November 2009 ~ Aunt had back problems (Aunt is like a mother as she basically raised me). Grandmother showing cognitive problems. Decide not to attend any holidays with family...good decision, but emotional fall out.


December 2009 ~ Aunt's surgery, I get Shingles and family drama continues. I am so tired and frustrated with this year. Hoping next year will be less stressful.

Other things: End two 30 plus year friendships, Vision changes, skin problems all over, and 60 pound weight gain due to medications for pneumonia, urinary tract infection, continue therapy at four times per week, and more!!! Doctors, doctors and more doctors.


Despite all of this there are some very positive things that I learned or occurred (not in any special order):
  1. My faith in God and sense of His presence grew.

  2. My relationship with my husband grew.

  3. I found out who my "real" friends are.

  4. Ended two friendship.

  5. Nurtured two other friendships.

  6. Found out the true colors of my family.

  7. No more secrets in my family, at least, from my end.

  8. Reconnected with my aunt and her partner...priceless

  9. Received much assistance and support from my church family.

  10. Became a gay rights supporter.

  11. Learn more about medical information.

  12. Became more assertive.

  13. Began to like myself more.

  14. Clearly decided to return to school, hopefully a Doctorate in Clinical Psychology.
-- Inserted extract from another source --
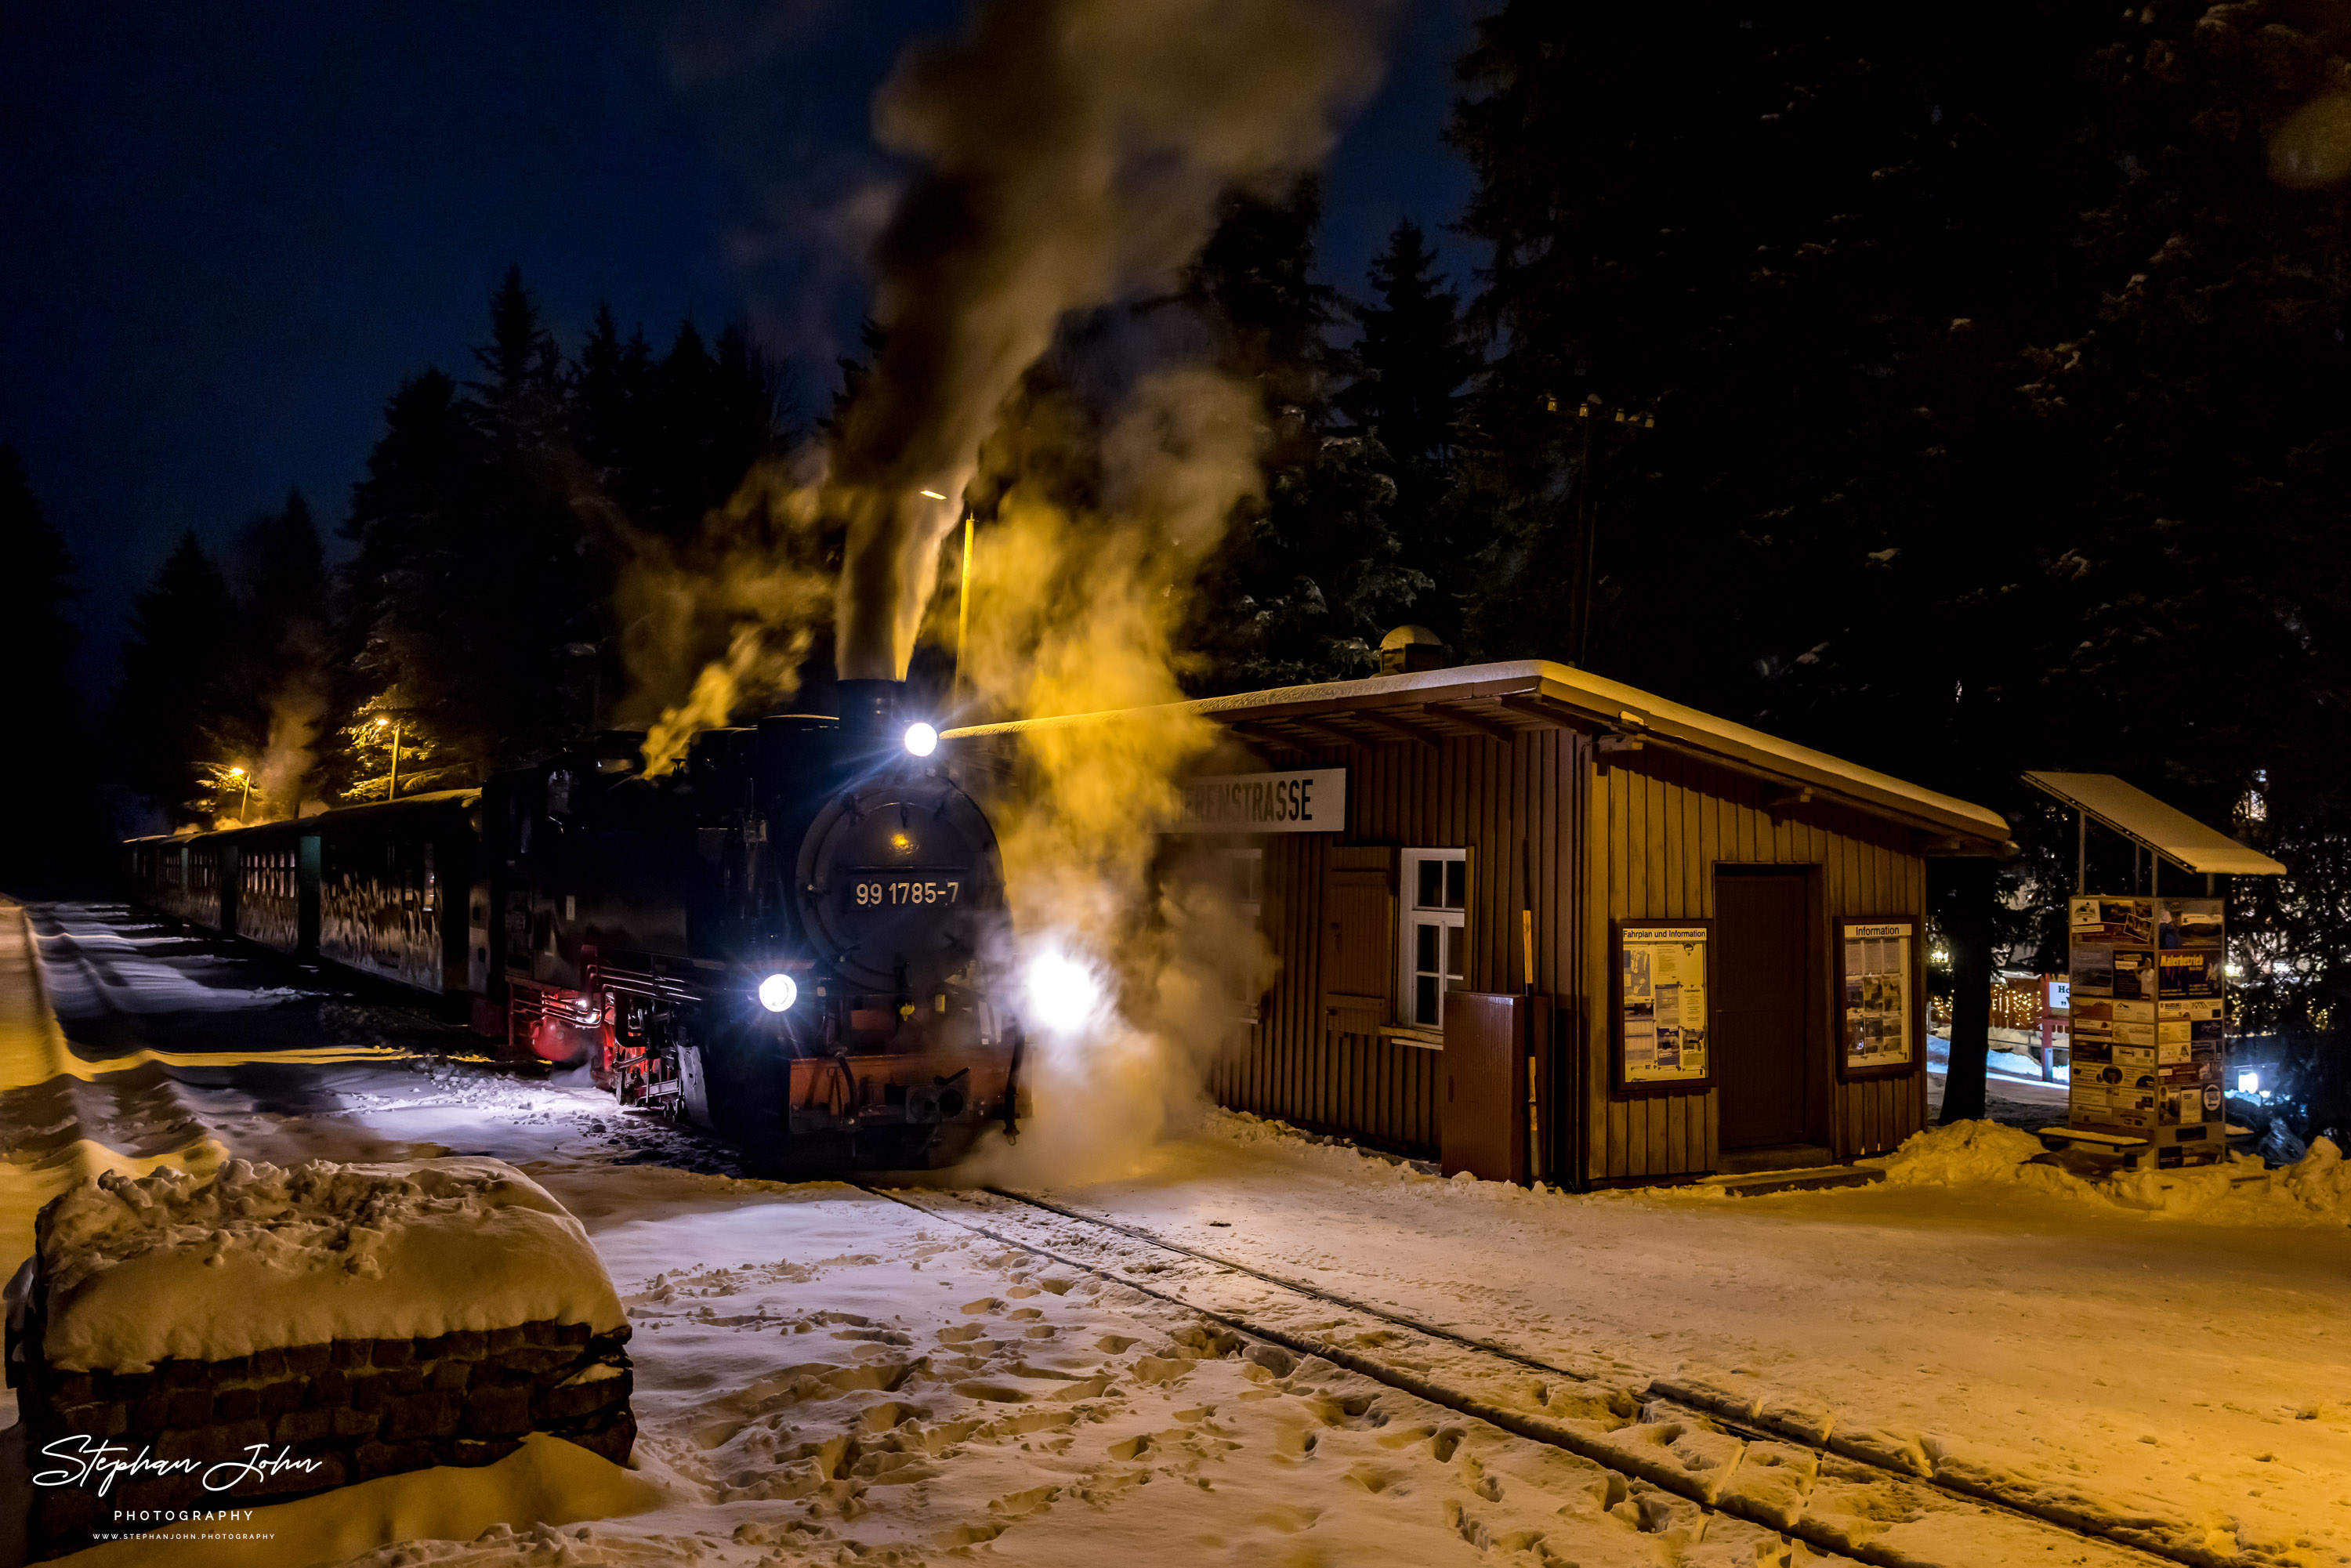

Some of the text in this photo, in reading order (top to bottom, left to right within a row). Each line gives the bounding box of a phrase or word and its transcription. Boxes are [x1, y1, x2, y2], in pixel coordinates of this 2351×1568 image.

  15. Discovered that I really have a heart for the disenfranchised.

  16. Gained a new wardrobe due to weight gain. Husband has rule that I cannot leave the house naked.

  17. Even though it has been tough financially, God has provided abundantly.
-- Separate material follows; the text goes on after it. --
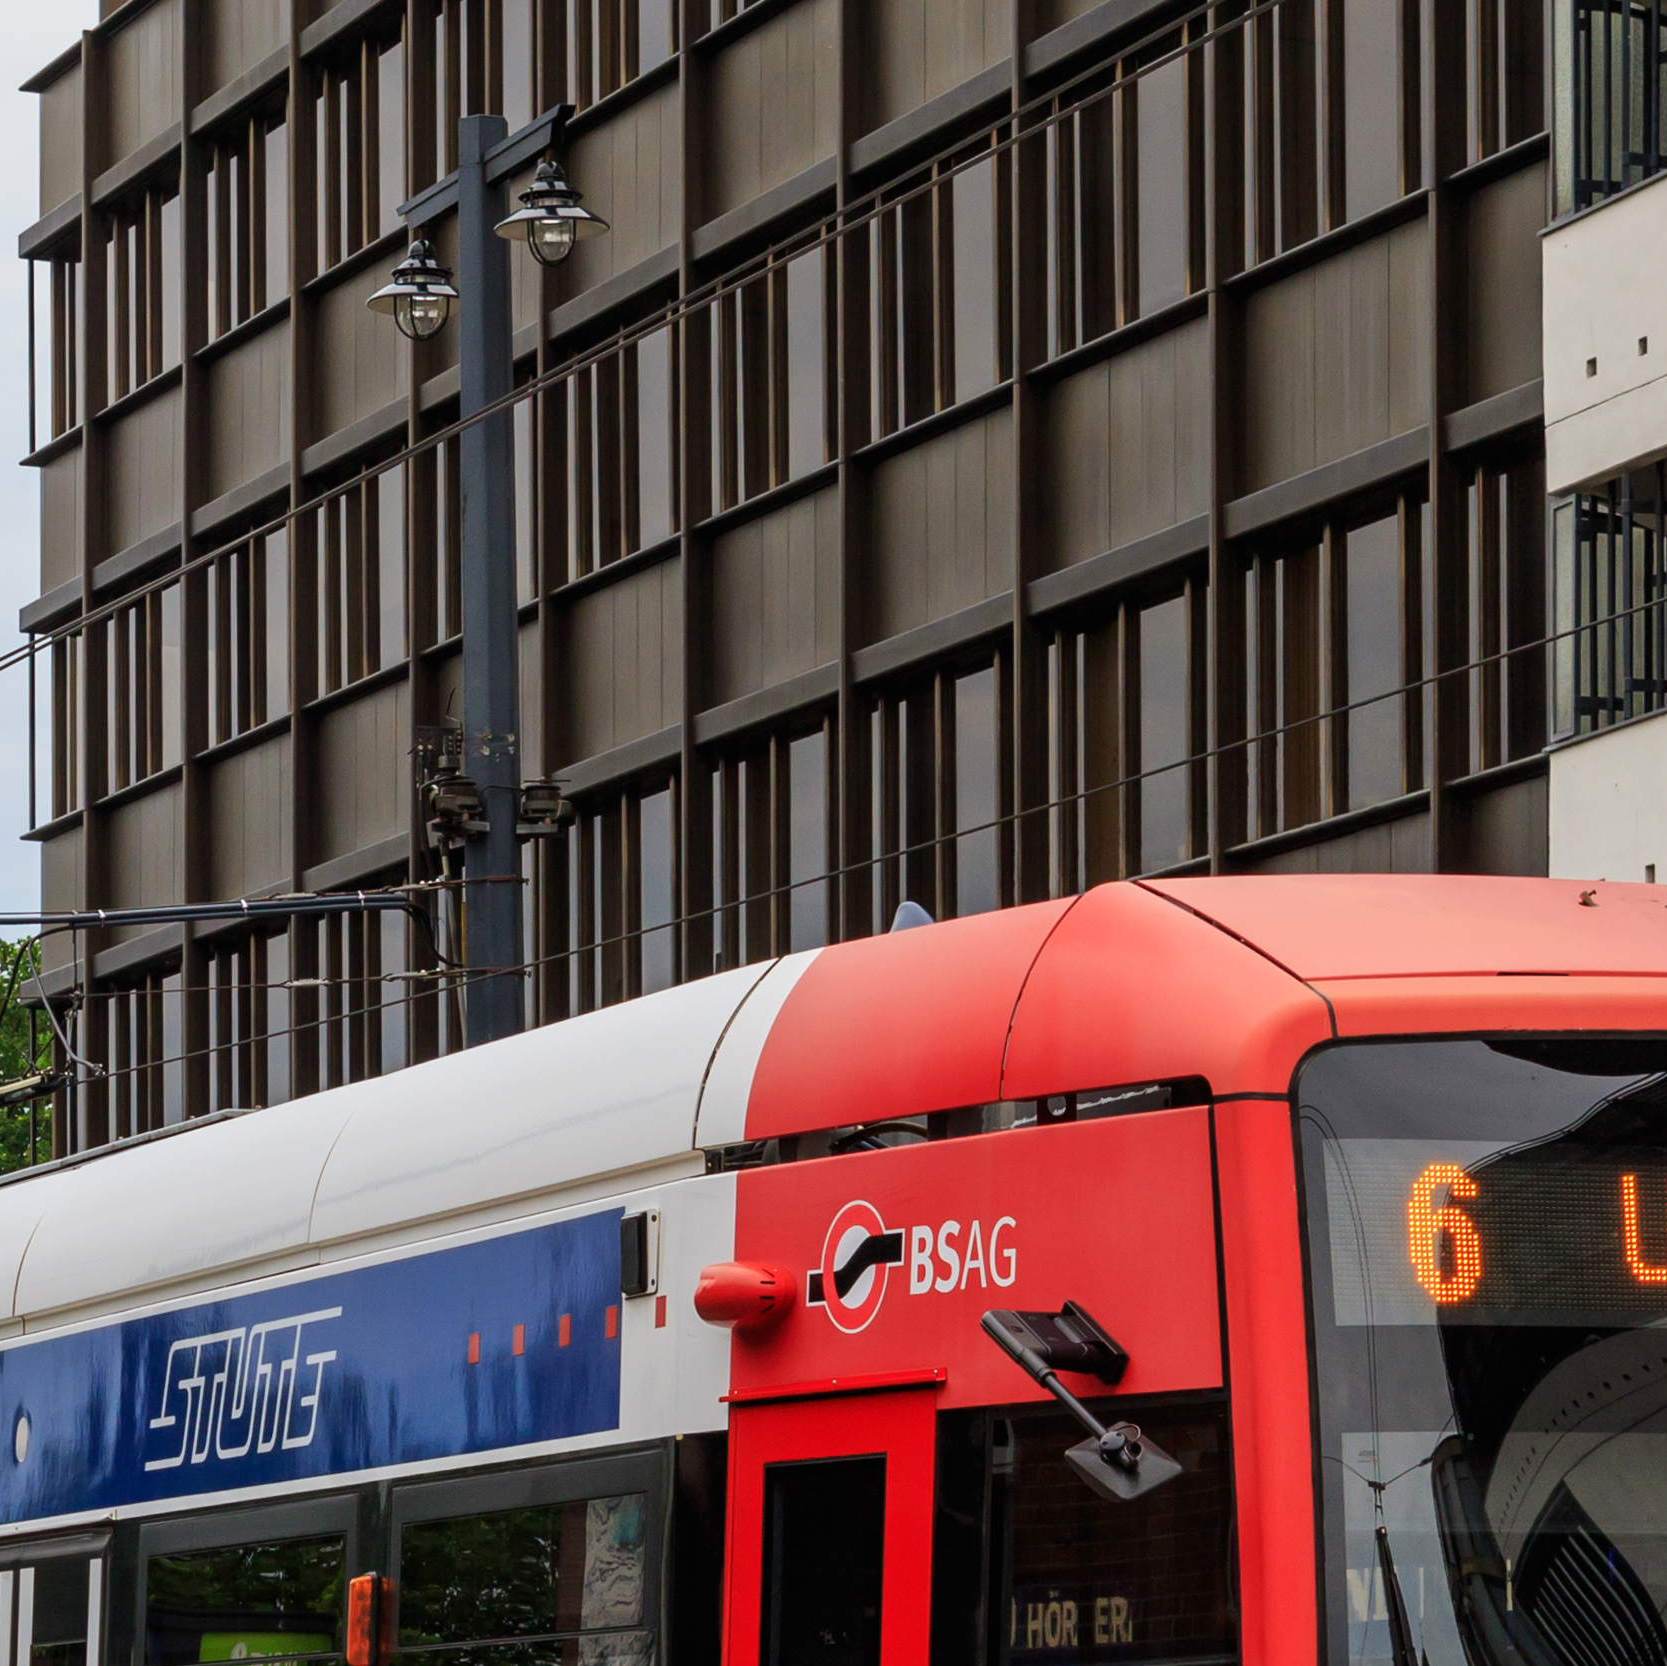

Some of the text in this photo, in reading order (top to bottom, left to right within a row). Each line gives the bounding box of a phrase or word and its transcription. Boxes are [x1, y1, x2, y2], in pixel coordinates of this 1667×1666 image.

[910, 1215, 1017, 1295] BSAG
[1408, 1164, 1482, 1303] 6
[144, 1306, 343, 1472] STUTE
  18. Have good doctors and had many opportunities to get to know them better.

  19. Discovered that I really like reading and writing my blogs.

  20. Discovered that I have a great support system on line. Thank you!!

  21. I've learned more about what smelling the coffee is all about!!


Share what you have learned or discovered about yourself this year.

5 comments:

Anonymous said...

CC, it's so nice to hear that you are finding the positives amongst some very hard times! That takes a lot of strength.

Hm, as for what I have learned... Going to treatment has brought out my true friends-- I received unending support from a select few people, and these people taught me that there may be something in me that is worth caring about. I cannot thank them enough for that.

Wishing you well,
NOS

J said...

First off let me saythat I'm proud of you! I read through much of your last year blog entries and you seem to have grown from all the tough experiences instead of shrinking back and that is very admirable! oh and great news on the pursuit of a Doctorate in Clinical Psychology!

J said...

Here's what I learned in 2009:
http://norcalpoet.blogspot.com/2010/01/what-i-learned-in-2009.html

oh and please check out my new blog: http://jreborn.blogspot.com/
Thanks CC!

Hot Rocks said...

2009 doesn't sound like it was very good for you. I really hope that 2010 will be a lot better regarding your health and relationships.

Clueless said...

NOS,
What a good and sad lesson to learn about life...me too this year. It is better knowing.

J,
Thanks for being proud of me and looking at my blog. Oh, I left a message on your blog also. I need to check out your new one. The Psy.D...maybe in a couple of years which mean I will be in my fiftys when I'm on my own, but it has been a twenty year plus dream. I also know that God has plans for me and feel that he would have taken that desire from my heart by now...I really did lay it down on the cross.

Hot Rocks,

Thank you for visiting me here and for the wishes for a better 2010. This blog is a bit different than the other one!!! I have many sides.